まるで東にいくに連れて、大きくなる「出世魚」みたいですね。


まんばは、給食にも出てくるくらいのメジャーな郷土料理です。


讃岐人は
うどんばっかし食いよると思っとったら大間違いやぞ!


ちなみに、県外ではほとんど売られていないようです。
隣の徳島県や愛媛県でもしかり。

ゆえに、大阪で「タカナ」を見つけたら即ゲットしています。
これは家庭料理なので、
讃岐に来ても外食で食べられません。


おばあちゃんからお母さんに、そして娘に代々引き継がれていく
讃岐人の讃岐人による讃岐人のための郷土料理です。

強烈な灰汁があり、仕込みに時間がかかるので、
地元のスーパーのお惣菜レパートリーからもはずされがちのよう。

帰省したら食べたくなる1品です。


■郷土料理レシピ

まんばのけんちゃん
まんば
【作り方】
まんばをゆでおよそ1日水にさらしてあくを抜く。
油揚げ、豆腐とまんばを油で炒めていりこだし、砂糖、醤油、みりんで煮る。
MEMO
けんちゃんというのはしっぽく料理の「けんちん」がなまったと言われています。
霜が降りる頃がいちばん美味しいのです。


しょうゆ豆
しょうゆ豆
【作り方】
乾燥させたそらまめを弱火で気長にこんがりと炒る。
煮立てたダシに醤油・砂糖少々・唐辛子をあわせ、炒りたての熱い豆を一度に入れる。
そのまま一晩おく。
MEMO
昭和25年、昭和天皇陛下が敗戦で打ちひしがれた国民を励ますために全国巡行をなさいました。
讃岐にお泊りになられたとき、醤油豆が大層お気に召され、おかわりをされたそうです。
以来うどんと並んで讃岐の郷土料理として有名になった醤油豆。
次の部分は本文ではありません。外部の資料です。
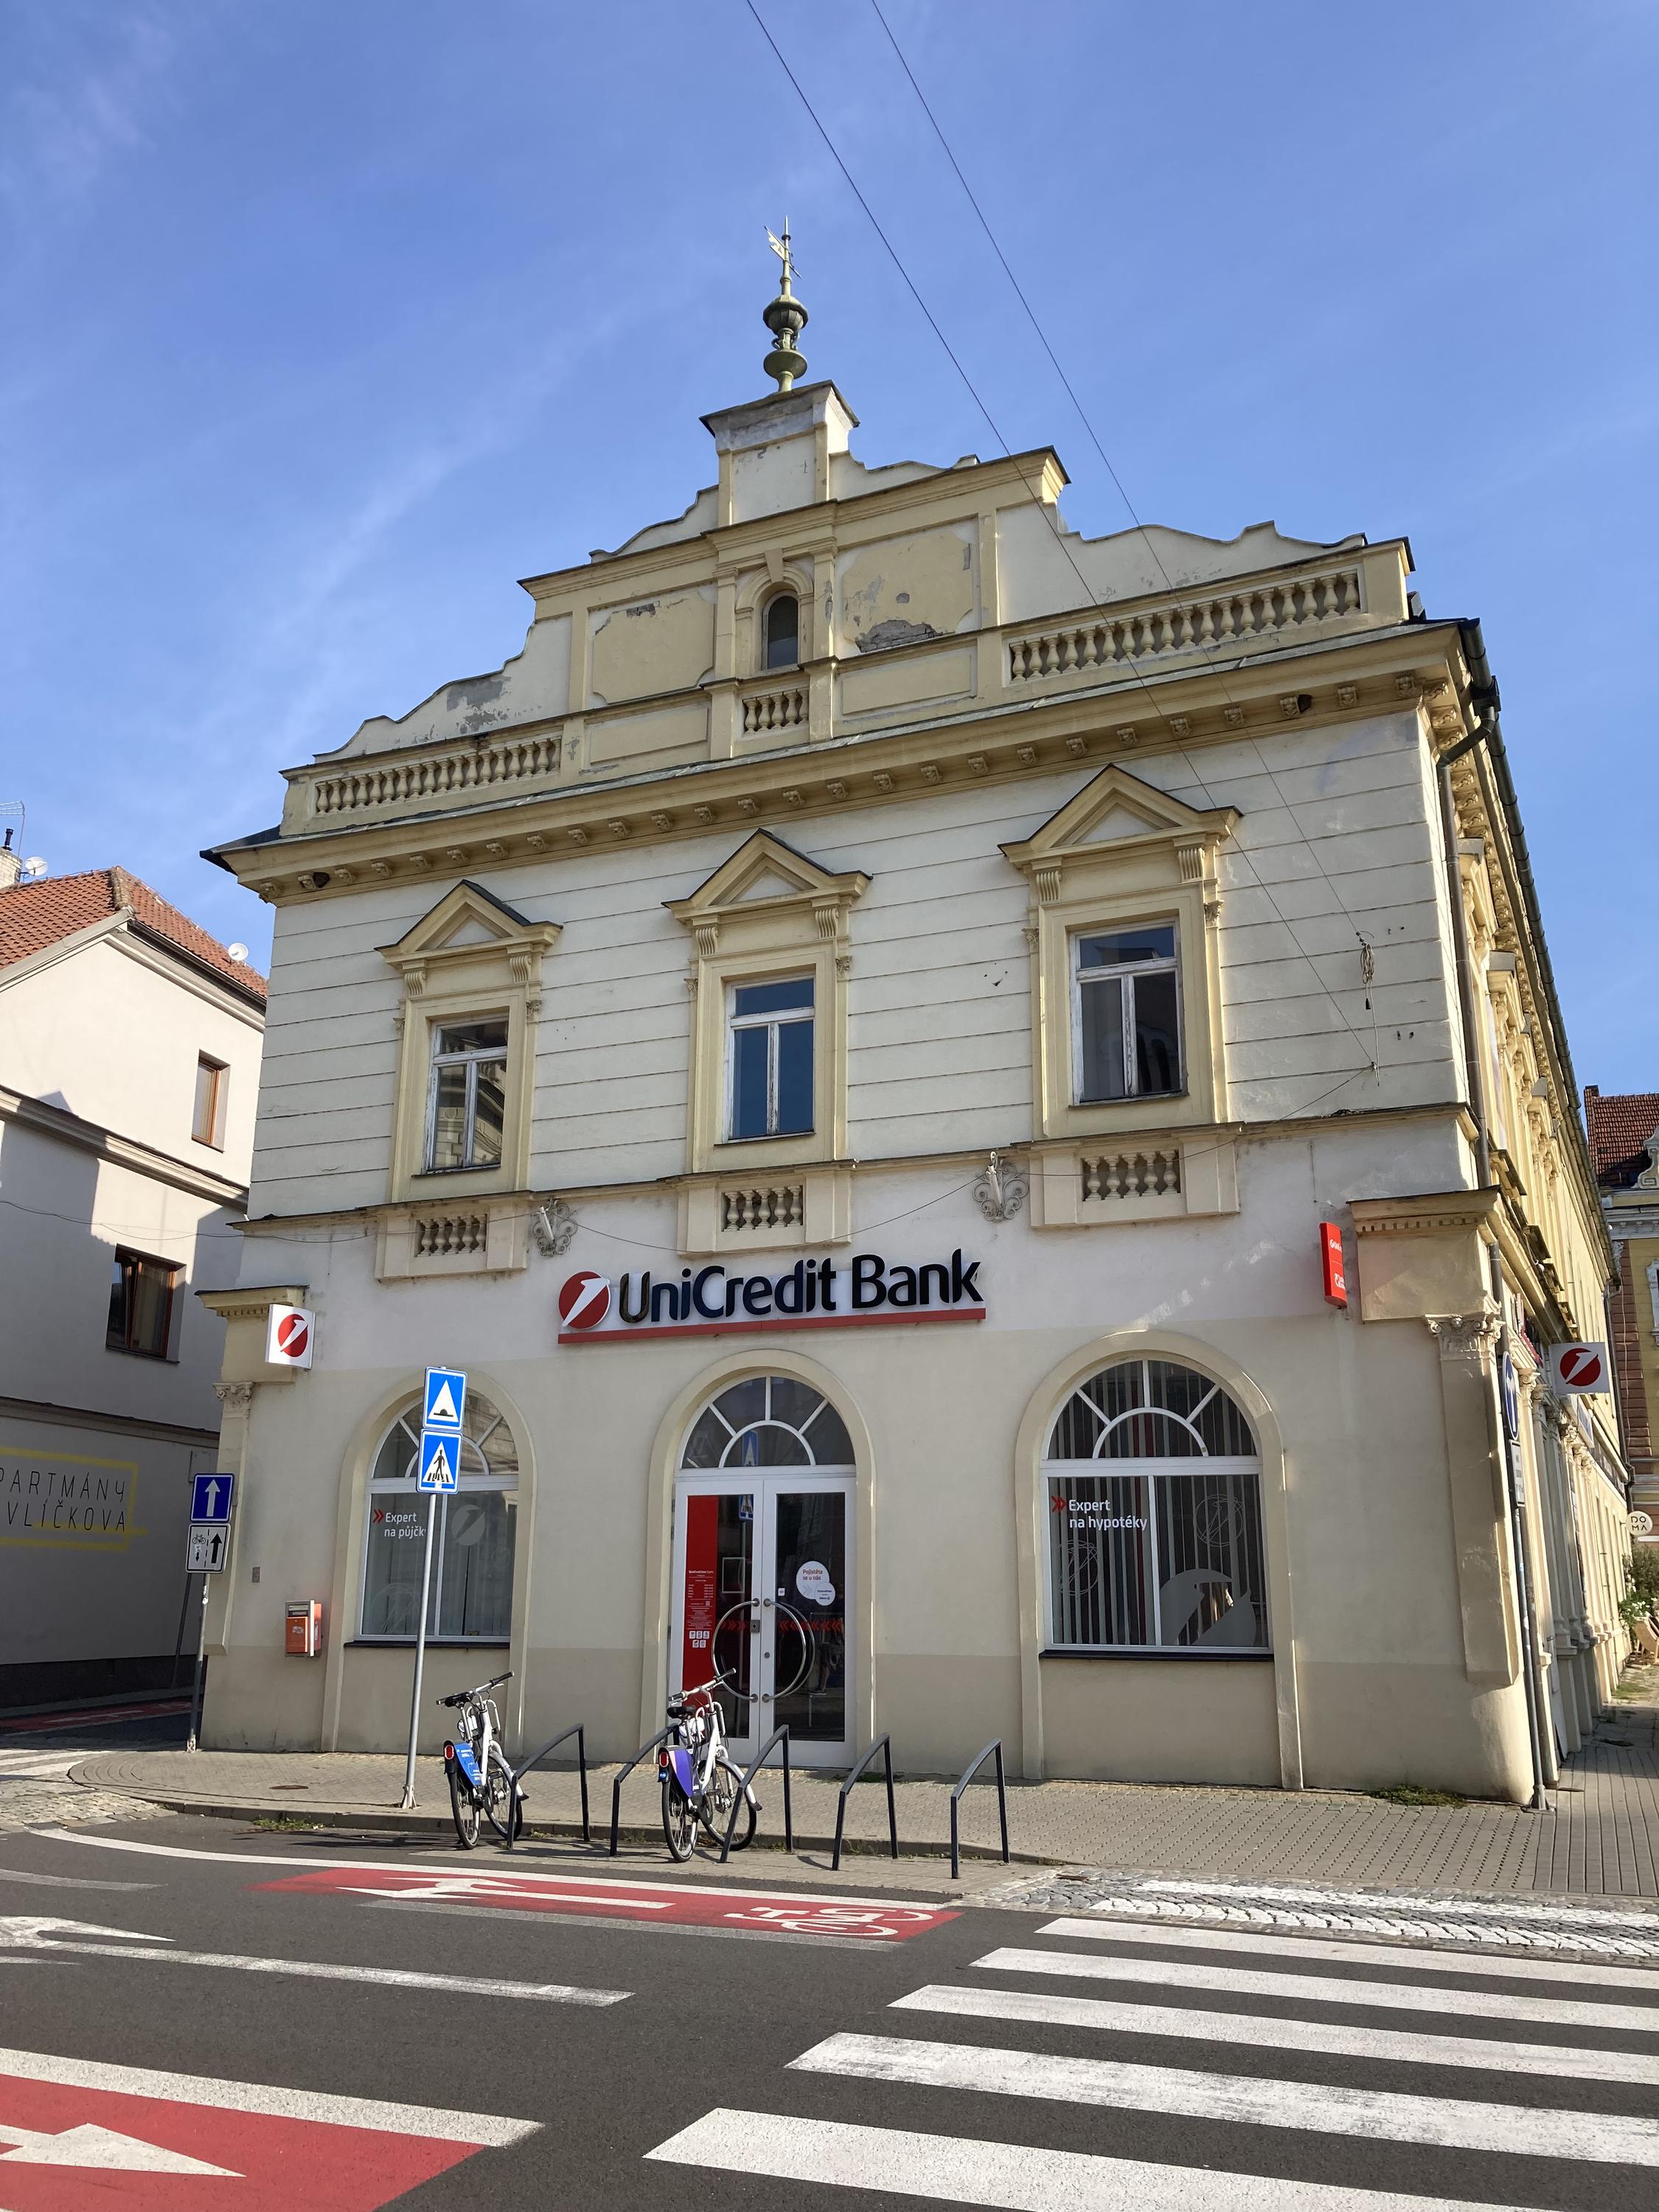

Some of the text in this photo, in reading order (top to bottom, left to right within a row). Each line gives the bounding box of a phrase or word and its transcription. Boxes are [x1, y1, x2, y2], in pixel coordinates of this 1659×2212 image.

こりゃ天皇陛下万歳やな。
今ではビニールパック詰のお土産になり家庭で作ることは少なくなりました。


たくあんのキンピラ
たくあん
【作り方】
漬物のたくあんを薄切りにして水にさらして塩抜きをする。
油でたくあんを炒めてだし、しょうゆ、唐辛子で煮る。
MEMO
古くなった漬物を美味しく食べるために昔の人が考えた美味しい調理方法です。
漬物とは一味違う美味しさが楽しめます。